● **WORK ORDER**
Reproduce, exactly as they appear, the line containing "this 2048×1152 image." and every line after it, ending with the last line of the records.

● **DATA FOR THE TASK**

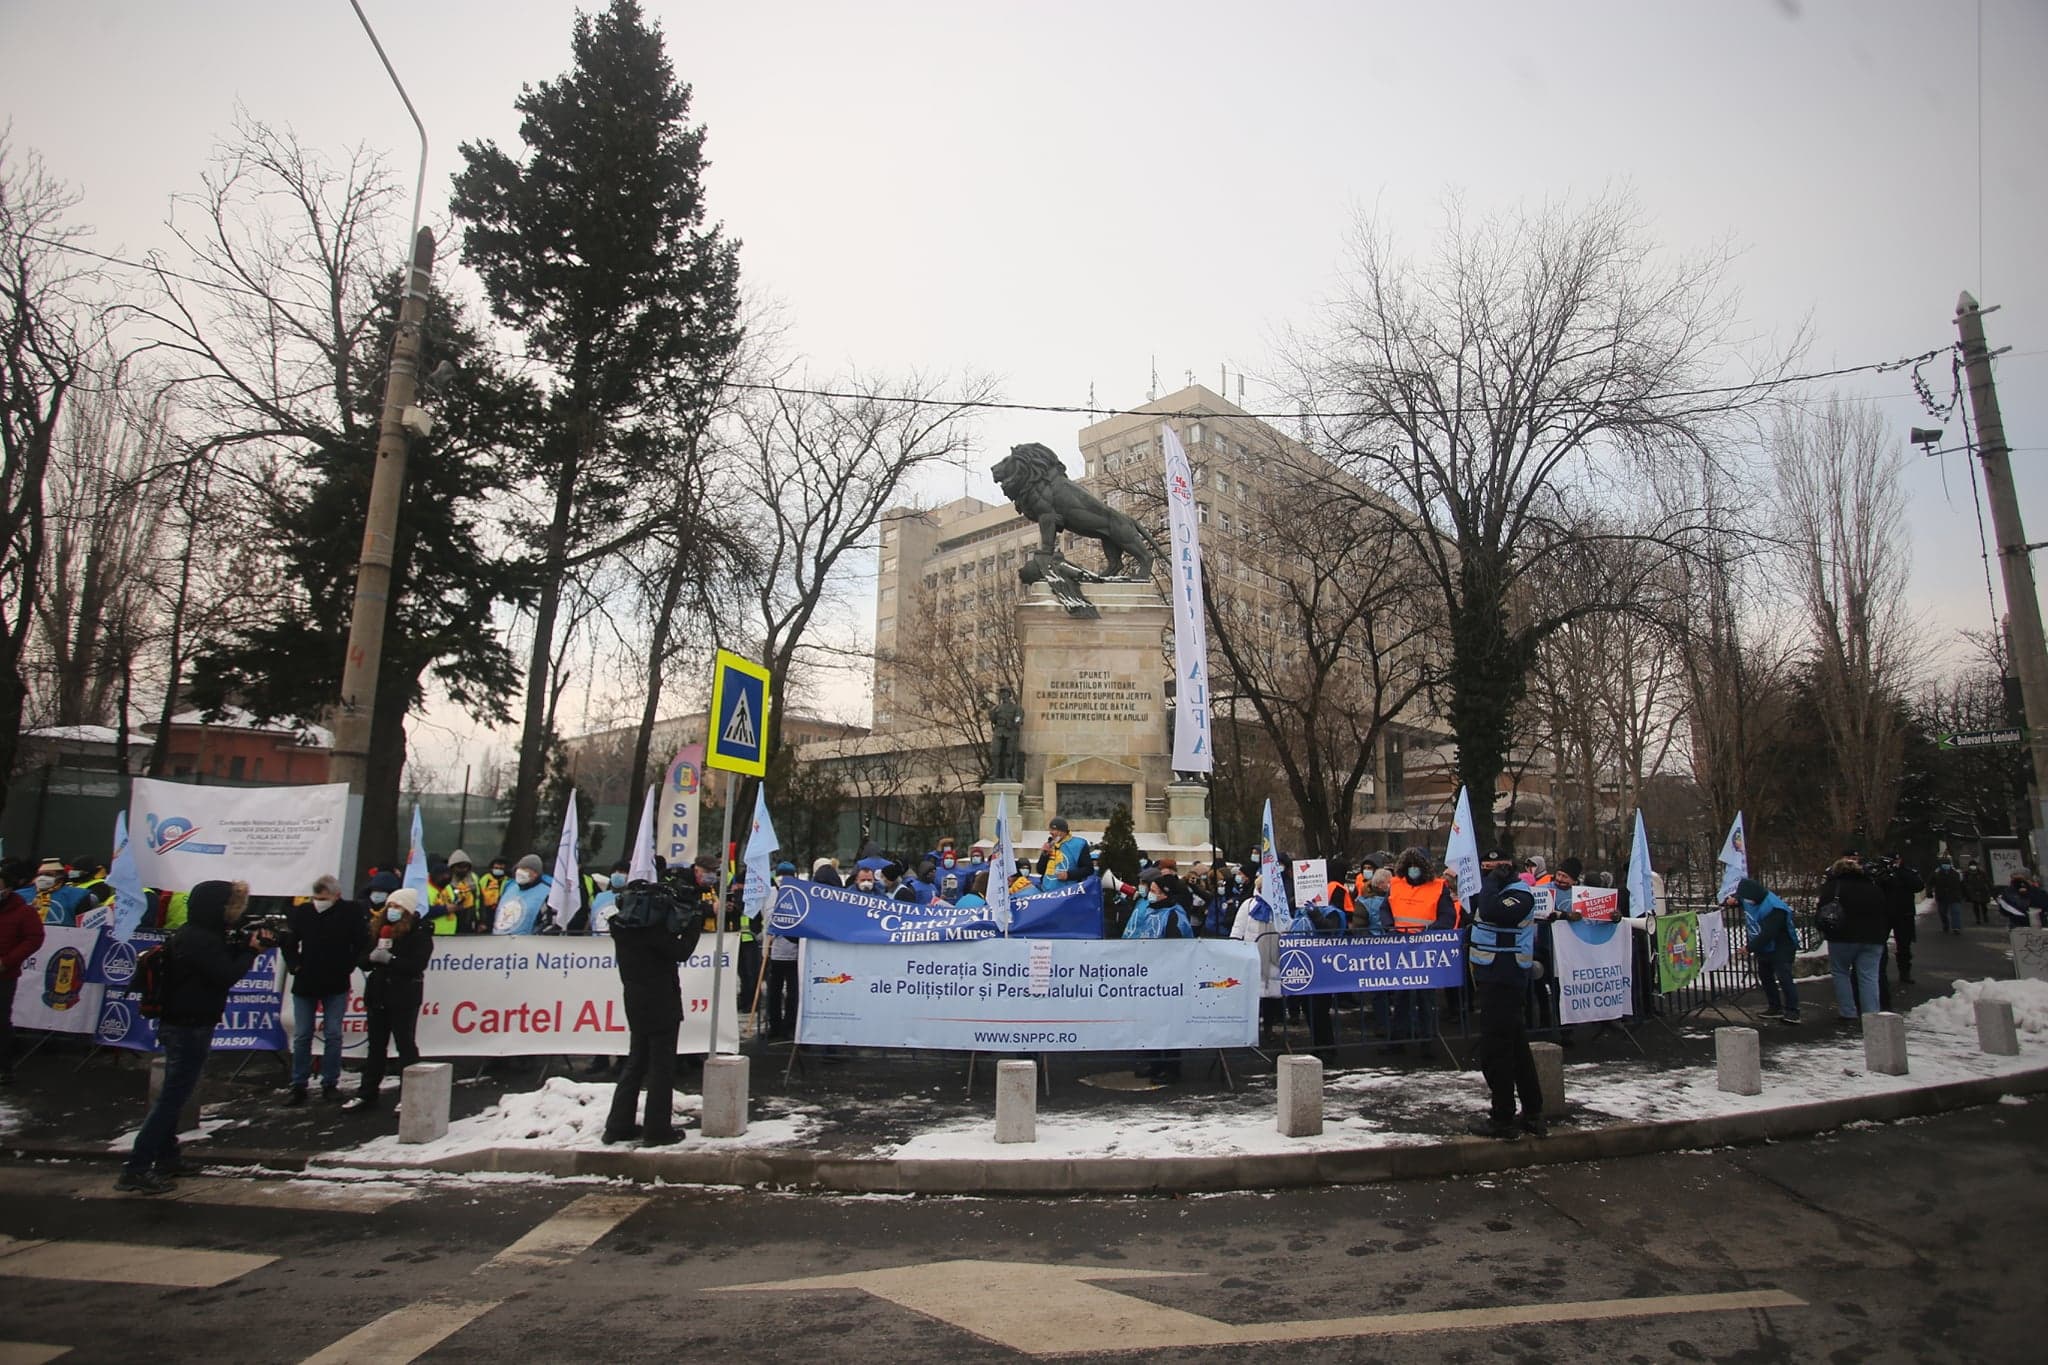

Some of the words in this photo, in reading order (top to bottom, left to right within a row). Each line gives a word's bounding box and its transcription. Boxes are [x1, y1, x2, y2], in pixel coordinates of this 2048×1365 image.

[1957, 733, 1991, 745] Bulevardul
[671, 803, 688, 868] SNP
[810, 886, 921, 916] CONFEDERAȚIA
[924, 906, 993, 918] NAȚIONA
[1010, 883, 1086, 903] NDICALĂ
[1585, 895, 1612, 907] RESPECT
[889, 929, 936, 943] Filiala
[1278, 937, 1348, 948] ONFEDERATIA
[1350, 935, 1407, 946] NATIONALA
[1408, 932, 1460, 944] SINDICALA
[249, 953, 278, 973] FA
[430, 953, 529, 979] nfederația
[536, 952, 617, 979] Naționa
[1321, 952, 1391, 972] “Cartel
[1394, 948, 1460, 970] ALFA”
[907, 960, 977, 980] Federația
[982, 962, 1075, 979] Sindiclor
[1079, 963, 1149, 982] Naționale
[1285, 966, 1306, 976] alfa
[1572, 964, 1623, 981] FEDERATI
[870, 979, 892, 994] ale
[897, 980, 975, 1000] Polițiștilor
[979, 983, 992, 1002] și
[1098, 983, 1184, 998] Contractual
[1282, 977, 1308, 985] CARTEL
[1359, 977, 1400, 987] FILIALA
[1401, 975, 1429, 986] CLUJ
[1563, 976, 1631, 997] SINDICATER
[1572, 997, 1590, 1011] DIN
[1593, 992, 1625, 1008] COME
[452, 1000, 562, 1034] Cartel
[573, 1000, 626, 1033] AL
[974, 1031, 1077, 1043] WWW.SNPPC.RO
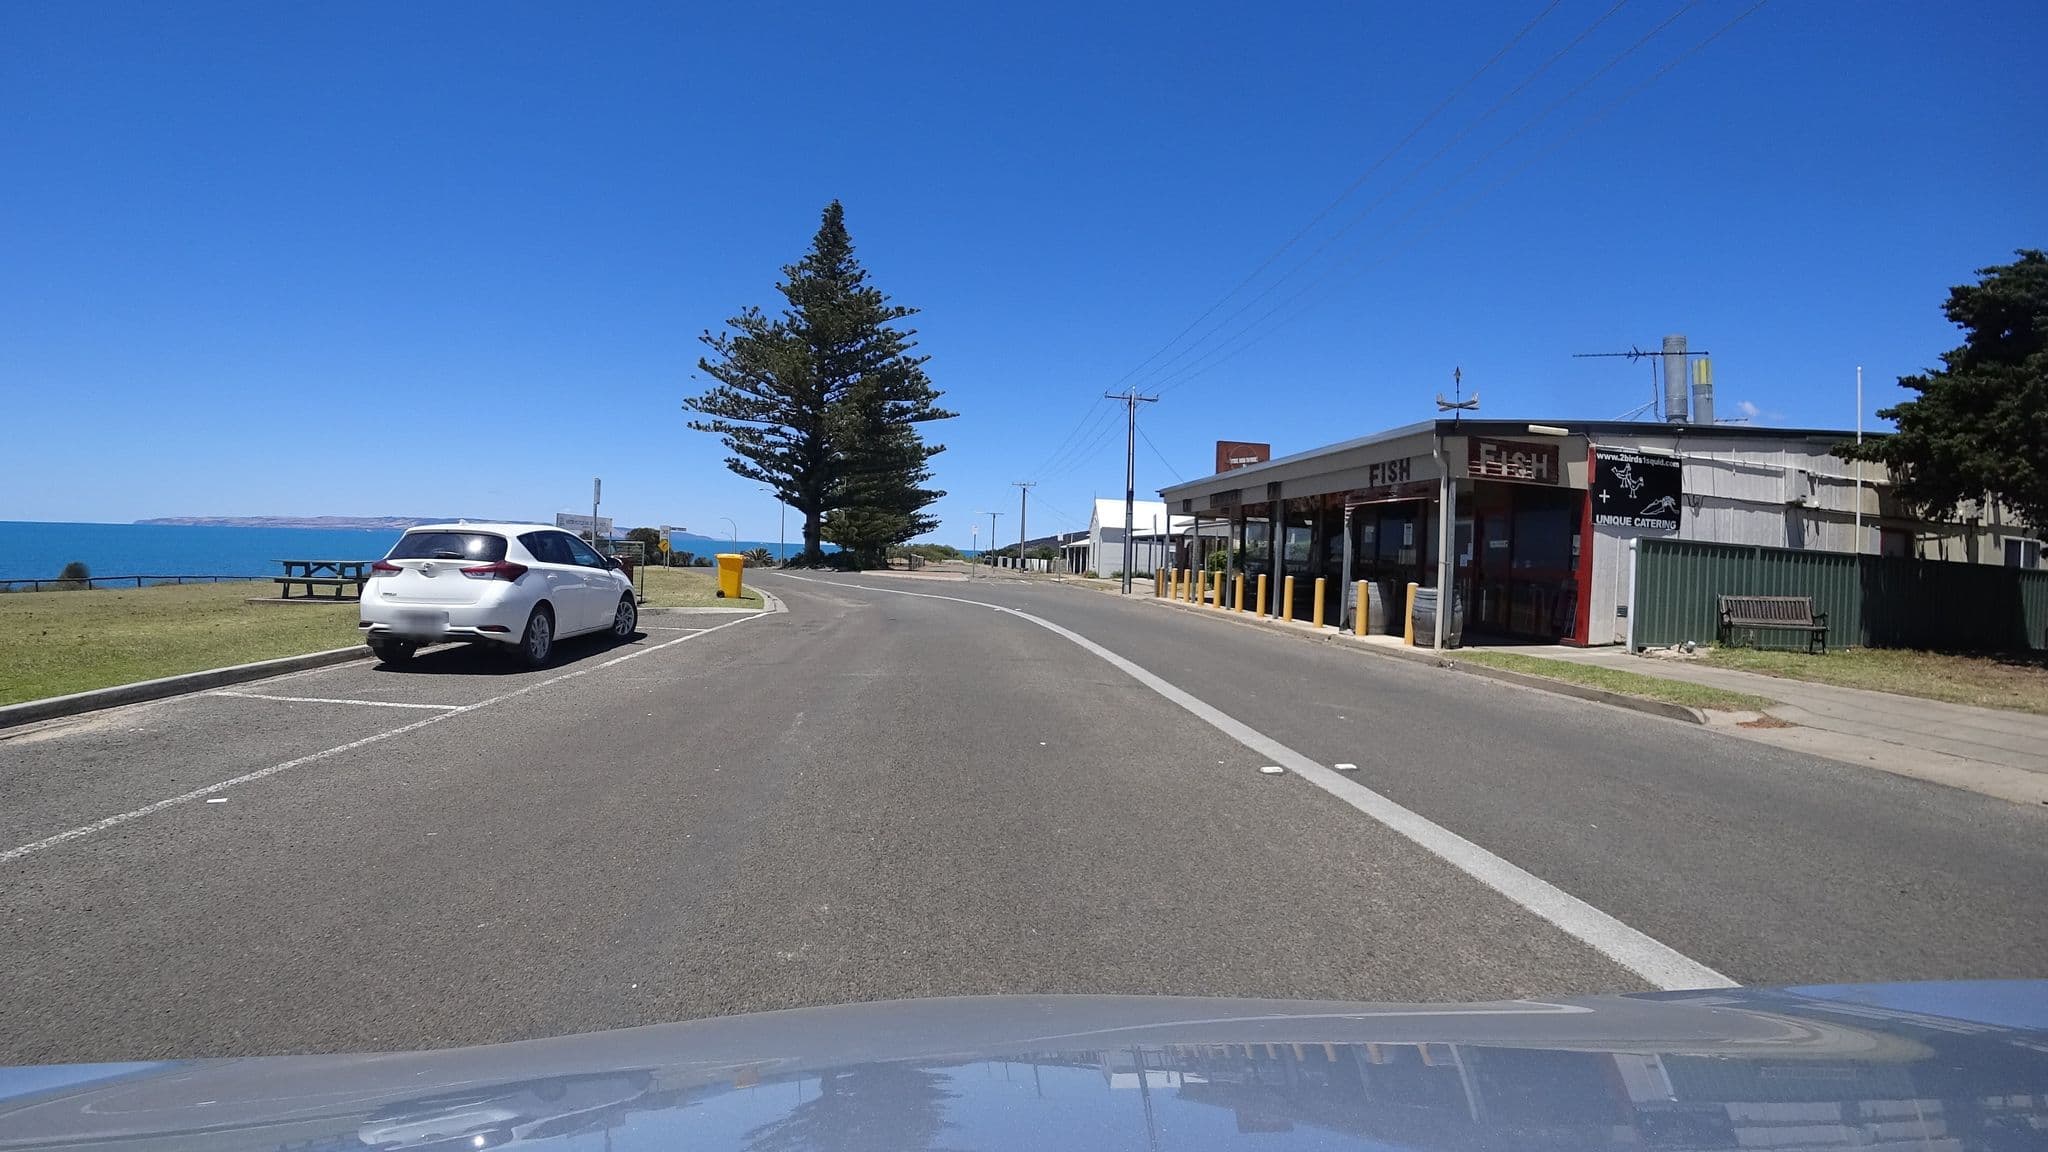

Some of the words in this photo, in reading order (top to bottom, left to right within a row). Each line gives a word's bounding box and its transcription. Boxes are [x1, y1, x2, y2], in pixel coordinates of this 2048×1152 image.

[1369, 457, 1411, 487] FISH
[1480, 442, 1548, 480] FISH
[1595, 514, 1633, 526] UNIQUE
[1634, 518, 1677, 530] CATERING

● **RESULT OF THIS TASK**
Some of the words in this photo, in reading order (top to bottom, left to right within a row). Each line gives a word's bounding box and its transcription. Boxes are [x1, y1, x2, y2], in pixel coordinates of this 2048×1152 image.

[1369, 457, 1411, 487] FISH
[1480, 442, 1548, 480] FISH
[1595, 514, 1633, 526] UNIQUE
[1634, 518, 1677, 530] CATERING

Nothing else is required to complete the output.